Write every record out again exactly, and keep images out of it.

(Images for object localization)
____________
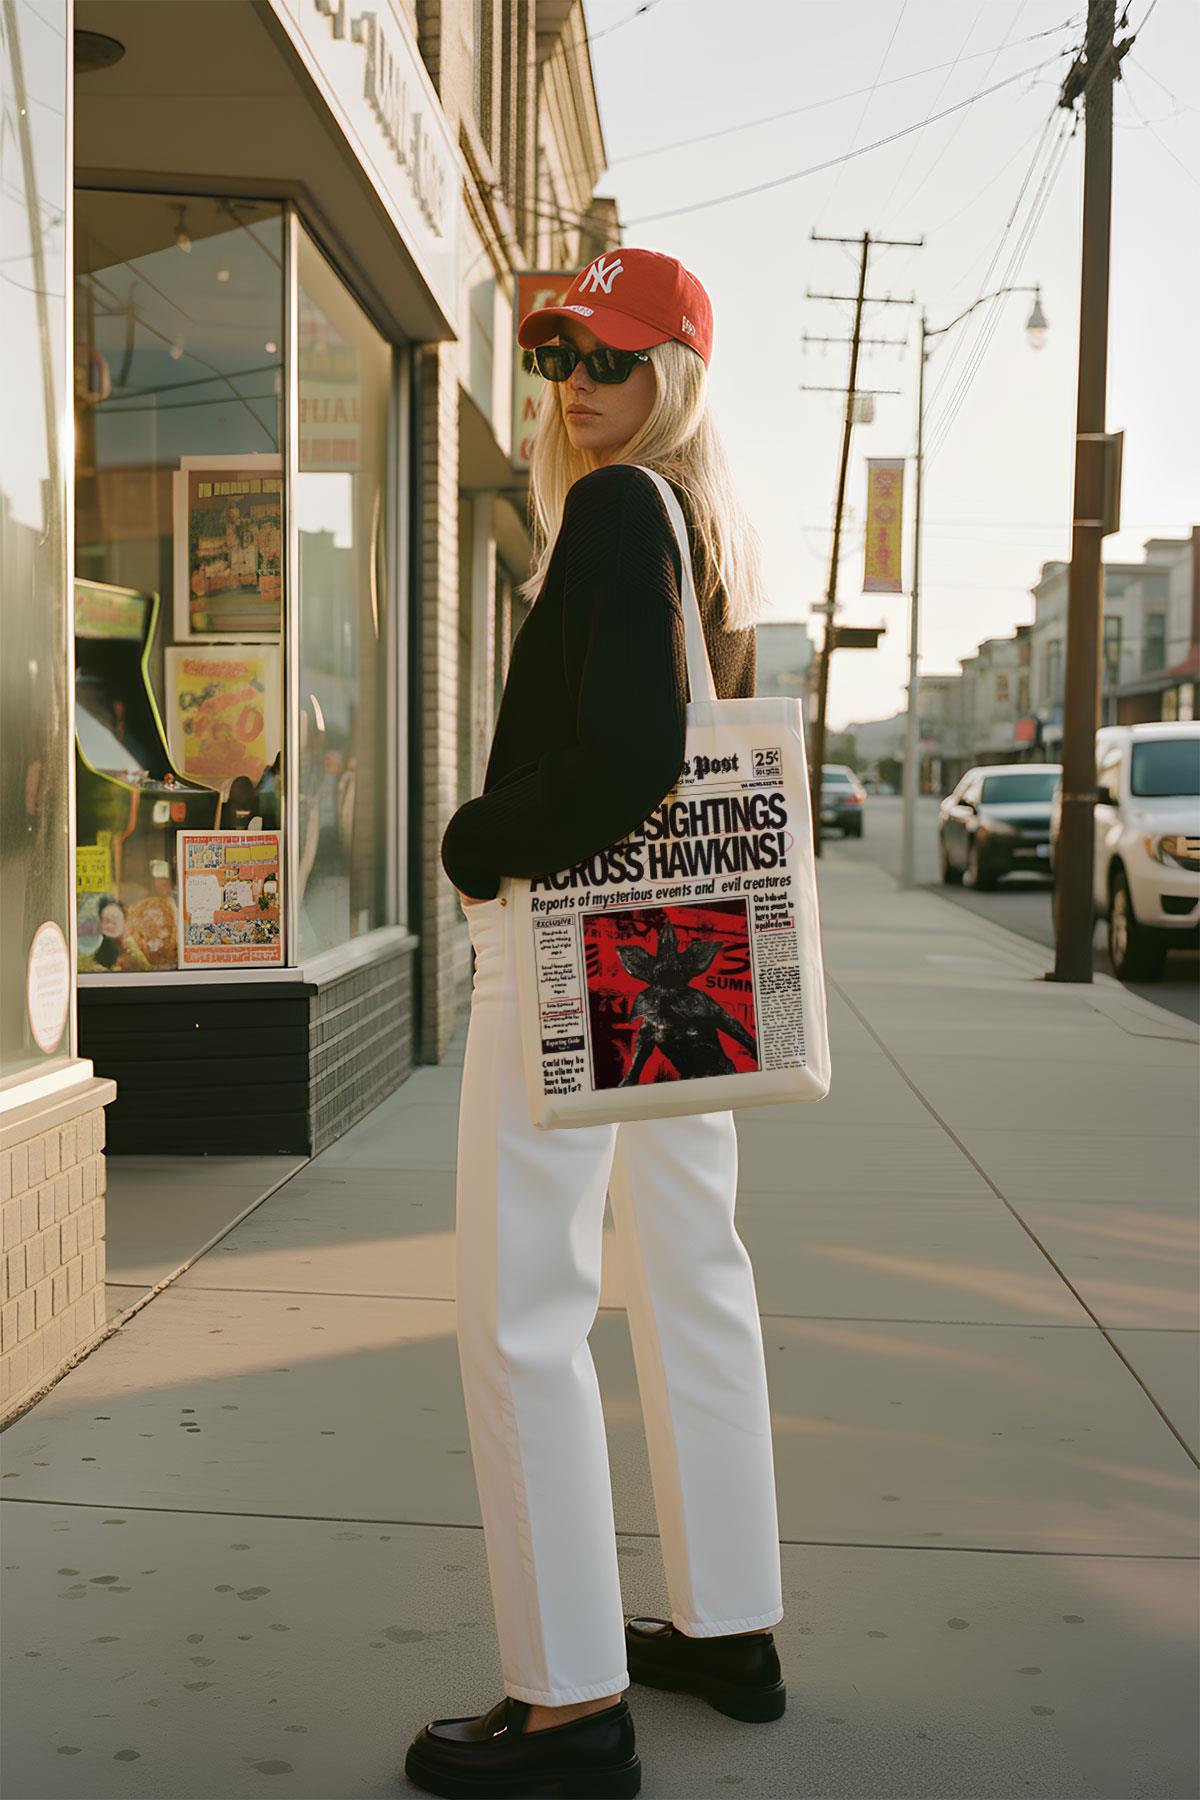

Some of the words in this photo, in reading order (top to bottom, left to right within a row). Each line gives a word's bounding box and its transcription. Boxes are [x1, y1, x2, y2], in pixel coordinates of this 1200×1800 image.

[578, 256, 624, 294] NY
[694, 753, 739, 780] Post
[644, 793, 788, 841] SIGHTINGS
[648, 832, 787, 880] HAWKINS!
[531, 896, 575, 915] Reports
[578, 891, 591, 907] of
[592, 887, 653, 909] mysterious
[656, 884, 692, 900] events
[695, 879, 715, 895] and
[721, 876, 741, 893] evil
[743, 875, 792, 890] creatures
____________
Written reply:
Some of the words in this photo, in reading order (top to bottom, left to right within a row). Each line gives a word's bounding box and its transcription. Boxes are [x1, y1, x2, y2], in pixel coordinates of this 1200×1800 image.

[578, 256, 624, 294] NY
[694, 753, 739, 780] Post
[644, 793, 788, 841] SIGHTINGS
[648, 832, 787, 880] HAWKINS!
[531, 896, 575, 915] Reports
[578, 891, 591, 907] of
[592, 887, 653, 909] mysterious
[656, 884, 692, 900] events
[695, 879, 715, 895] and
[721, 876, 741, 893] evil
[743, 875, 792, 890] creatures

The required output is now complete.